Pachocki’s framing is careful in a specific way worth noting. He did not predict AGI. He did not claim the 2028 system would be as smart as humans in all ways. His exact words were: “Even by 2028, I don’t expect that we’ll get systems as smart as people in all ways. I don’t think that will happen.” He then added the qualifier that has become the key phrase in coverage of this announcement: “But I don’t think it’s absolutely necessary. The interesting thing is you don’t need to be as smart as people in all their ways in order to be very transformative.”

That is an important distinction. The claim is not that the 2028 system will match or exceed human intelligence broadly. The claim is that it will be capable enough in specific research-relevant tasks to generate meaningful new knowledge autonomously. Those are very different claims and the second is considerably more credible than the first given the current state of the technology.

The September intern target is the near-term checkpoint. If OpenAI delivers a system by September that can reliably handle research tasks with day-scale completion times, that is strong evidence the longer-term trajectory is on track. If September comes and the intern is delayed or significantly reduced in capability from what Pachocki described, that is an equally informative signal. The specific timeline is what makes this announcement more than a vision document. It is a commitment to a checkable milestone in six months.

The Safety Problem Nobody Has Fully Solved

The safety dimension of a fully autonomous research system operating for extended periods in a data center is serious enough that Pachocki addressed it directly in the interview rather than leaving it to critics to raise afterward.
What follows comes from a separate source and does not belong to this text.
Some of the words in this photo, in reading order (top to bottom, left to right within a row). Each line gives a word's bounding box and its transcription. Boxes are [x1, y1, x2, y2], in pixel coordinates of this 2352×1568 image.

His current primary safeguard is chain-of-thought monitoring, where models are trained to narrate their reasoning in an internal scratchpad that can be audited by other AI systems looking for signs of unwanted behavior.
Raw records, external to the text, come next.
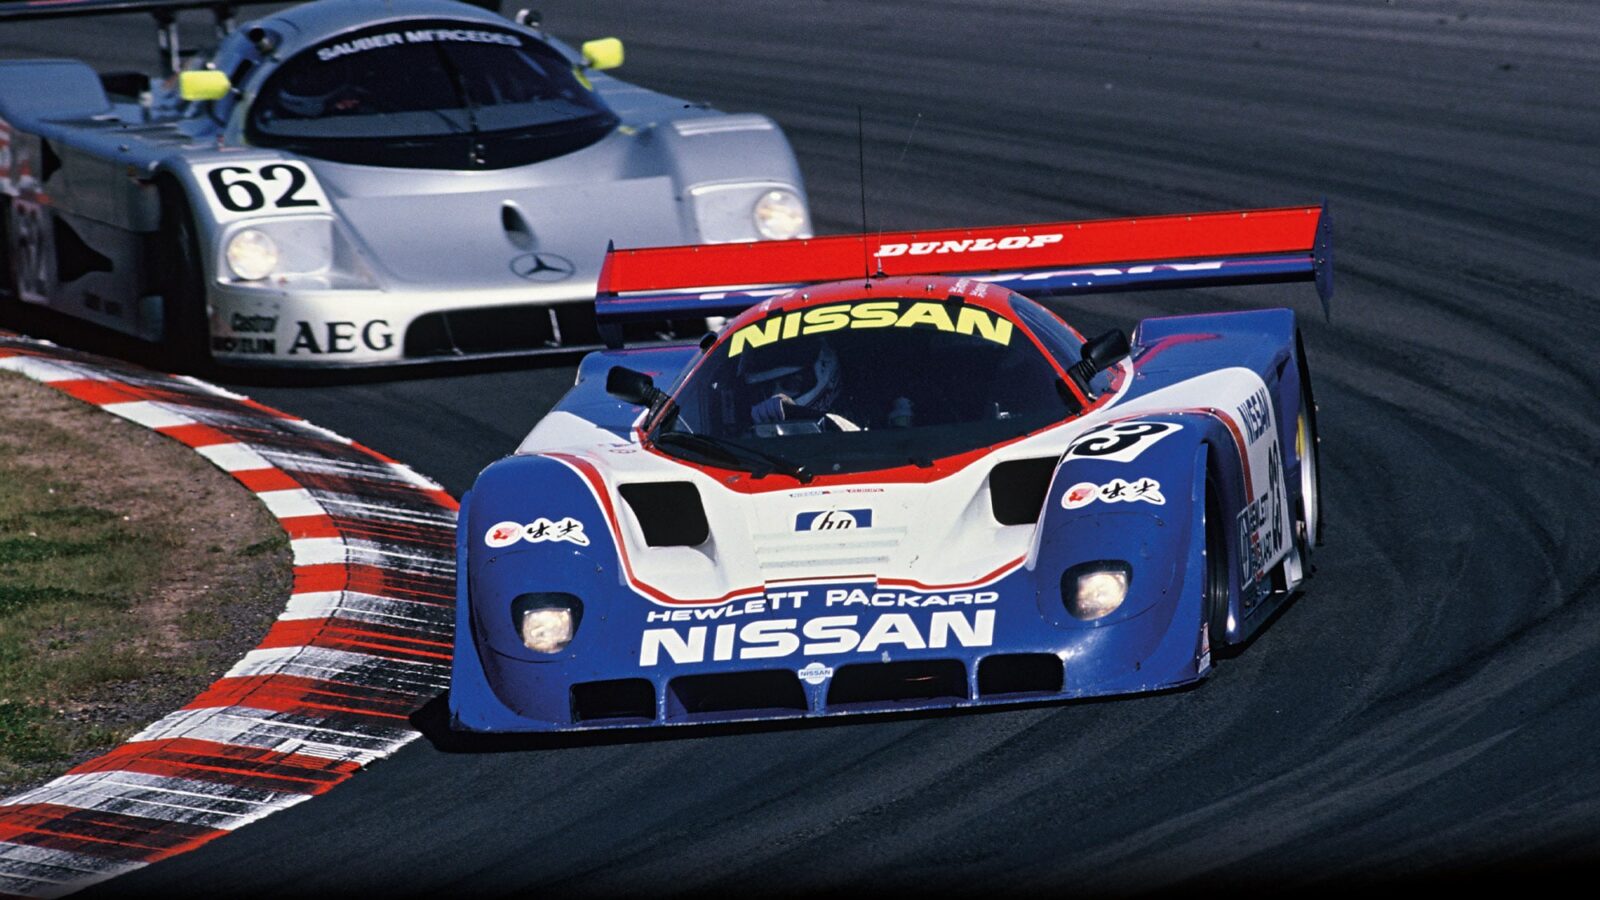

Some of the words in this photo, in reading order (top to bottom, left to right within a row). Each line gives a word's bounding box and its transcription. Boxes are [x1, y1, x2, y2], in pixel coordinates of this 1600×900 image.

[316, 33, 404, 61] SAUBER
[405, 29, 522, 47] MERCEDES
[208, 164, 319, 212] 62
[873, 234, 1064, 257] DUNLOP
[287, 319, 395, 354] AEG
[728, 301, 1013, 358] NISSAN
[1236, 386, 1272, 444] NISSAN
[646, 590, 809, 623] HEWLETT
[825, 588, 1000, 608] PACKARD
[639, 609, 997, 667] NISSAN
[799, 669, 832, 678] NISSAN
Pachocki described this as the linchpin of safe autonomy for long-running systems: “Once we get to systems working mostly autonomously for a long time in a big data center, I think this will be something that we’re really going to depend on.” The honesty of that statement, that a technique they depend on is one they are still actively developing, is notable.
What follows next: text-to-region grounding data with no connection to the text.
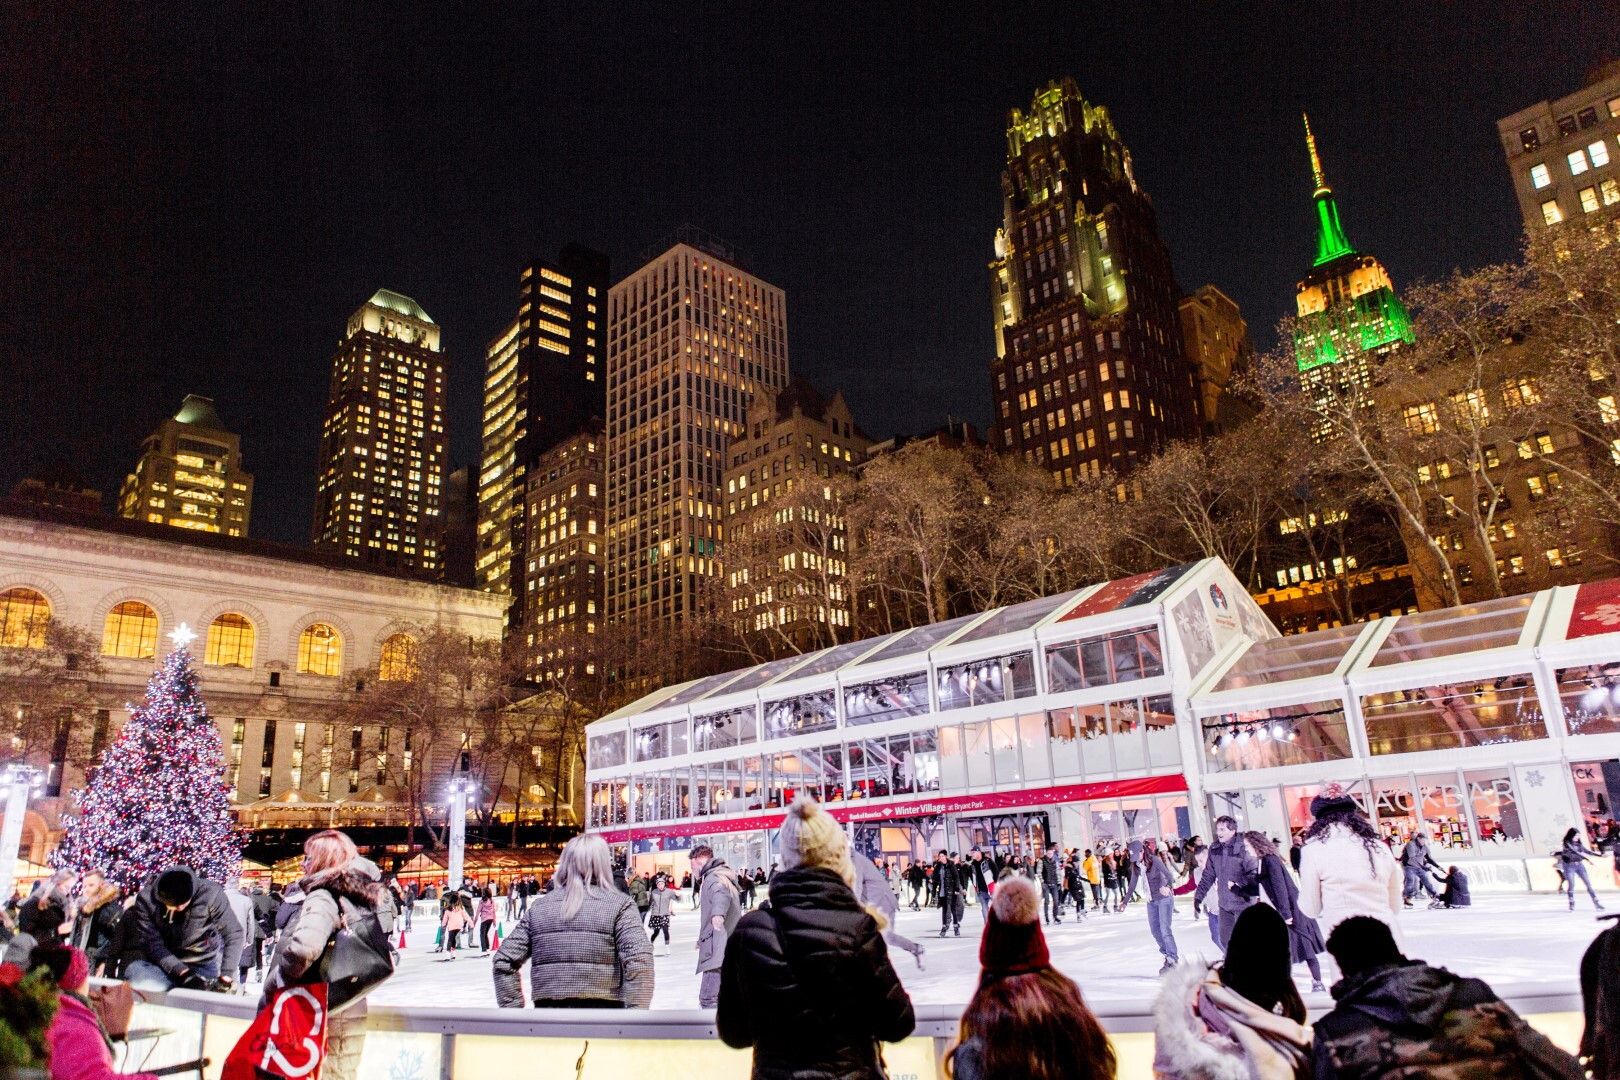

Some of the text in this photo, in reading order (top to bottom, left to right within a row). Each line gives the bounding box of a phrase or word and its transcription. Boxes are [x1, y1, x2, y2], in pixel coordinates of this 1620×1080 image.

[1573, 768, 1595, 779] CK
[895, 806, 920, 816] Winter
[920, 803, 946, 814] Village
[954, 803, 971, 811] Bryant
[971, 801, 983, 809] Park
Researchers in the AI safety community have pointed out that chain-of-thought monitoring is promising but not a complete solution. Language models are not yet well enough understood to be fully controlled. A model capable enough to generate novel scientific hypotheses is capable enough to pursue instrumental goals in ways that might not be visible in its narrated reasoning. The gap between “the model narrates its reasoning” and “the narrated reasoning accurately reflects what the model is actually doing” is a fundamental open problem in interpretability research. OpenAI knows this. Pachocki’s acknowledgment that this is what they will “really depend on” suggests either confidence that the technique will mature enough by 2028 or acceptance of a residual safety risk that they have decided to manage rather than eliminate.

The broader safety concern raised by an autonomous research system is the question of what happens when it makes a mistake. A human researcher who generates an incorrect hypothesis wastes some time. An automated multi-agent system running at machine speed on hundreds of thousands of GPUs that pursues an incorrect direction could waste enormous compute resources and potentially generate misleading results at a scale that is hard to audit quickly. The error correction mechanisms for systems operating at this autonomy level and time horizon are not fully designed yet. Pachocki acknowledged this gap rather than claiming it was solved.

The Super App: ChatGPT, Atlas, and Codex Collapsing Into One

The automated researcher announcement was not the only major OpenAI news this week. The same day the MIT Technology Review interview published, the Wall Street Journal reported that OpenAI is building a super app that will merge ChatGPT, the Atlas browser, and the Codex programming assistant into a single desktop client.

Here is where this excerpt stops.